About James Philip Beyor

See my full bio at https://www.movepublications.us/tools/lp/author/move/1/About_the_Author

Mononomeric Differential is a concept explored in the study Key to the Abyss, the second book in the Guarded Hearts Trilogy by James Beyor. It is a biological subconscious reality resulting from eye ear dominance. [1]

The brain is designed to function with input from all five senses. Widely accepted is the fact that when one sense is diminished, as in blindness or deafness, the other senses will intensify. [2] Conversely, when one or two senses are exaggerated, the other sensory capacities will wither. Modern human function relies primarily and almost exclusively on the visual and auditory senses. The overloading of the visual and auditory lobes of the cerebral cortex creates a doctrine exaggeration. [3] The visual cortex, according to science, consumes 80% of the brains bio-energy. The extreme daily demands of the eye/ear dominate senses holds the brain in a state of biological stasis. The visual cortex of the brain is a part of the cerebral cortex that plays an important role in processing visual information. It is located in the occipital lobe in the back of the skull. The primary auditory cortex is the part of the temporal lobe that processes auditory information in humans and other vertebrates. It is a part of the auditory system, performing basic and higher functions in hearing.

The brain is not designed to have one or two senses dominate the other but for all senses to work in combination with all the other senses in equal part. As two senses, sight and sound, grow in dominance the other three senses must diminish and neural withering begins, forcing the synapses to malfunction. [4] By diminishing the load on the three secondary senses, taste, touch and smell, the sight and sound acuity is increased, cognizant reaction time is decreased and motor skills are increased making our learned habitual responses more efficient. [5] The long term effect of neural withering results in the destruction of the neuron nucleus of the brain cells responsible for the non-dominate senses. Less sense integration will decrease the ability to reason and differentiate sensory input and diminish what we commonly refer to as thought.

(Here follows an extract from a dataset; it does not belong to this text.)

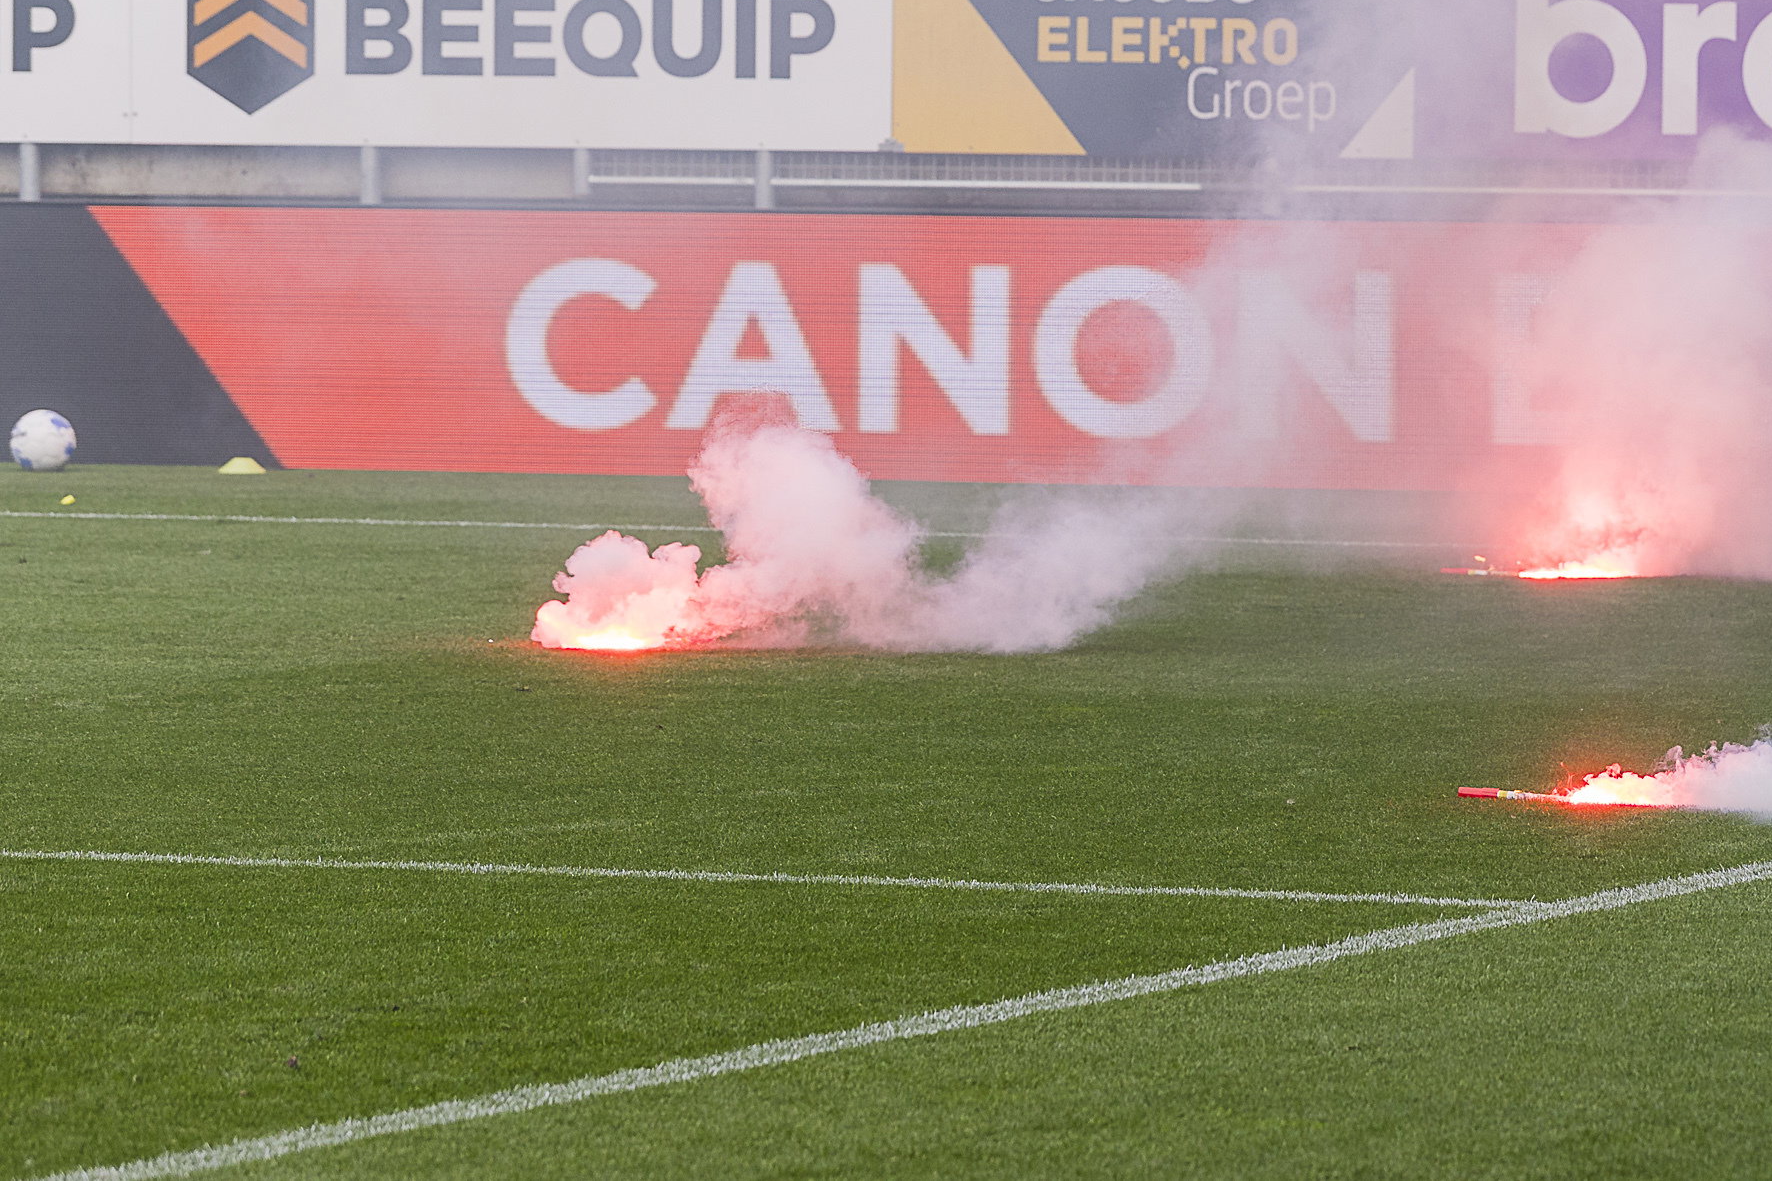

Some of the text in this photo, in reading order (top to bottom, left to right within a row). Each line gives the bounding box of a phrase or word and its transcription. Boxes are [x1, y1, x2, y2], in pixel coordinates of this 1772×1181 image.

[1036, 16, 1299, 70] ELEKTRO
[1187, 65, 1338, 132] Groep
[504, 256, 1393, 445] CANON

Physiology focuses primarily on the separate functioning of parts of the whole. Therefore, in physiological terms, an increase in the visual and auditory senses is seen as a positive evolutionary adaptation necessary for modern survival. By defining Mononomeric Differential as a biological issue, where biology is more concerned with total systemic functionality, the loss of function that is a result of synaptic withering results in a reduction in the integrated sensory function. This quite possibly could be a de-evolutionary step for humanity inducing a state of neural decrepitude.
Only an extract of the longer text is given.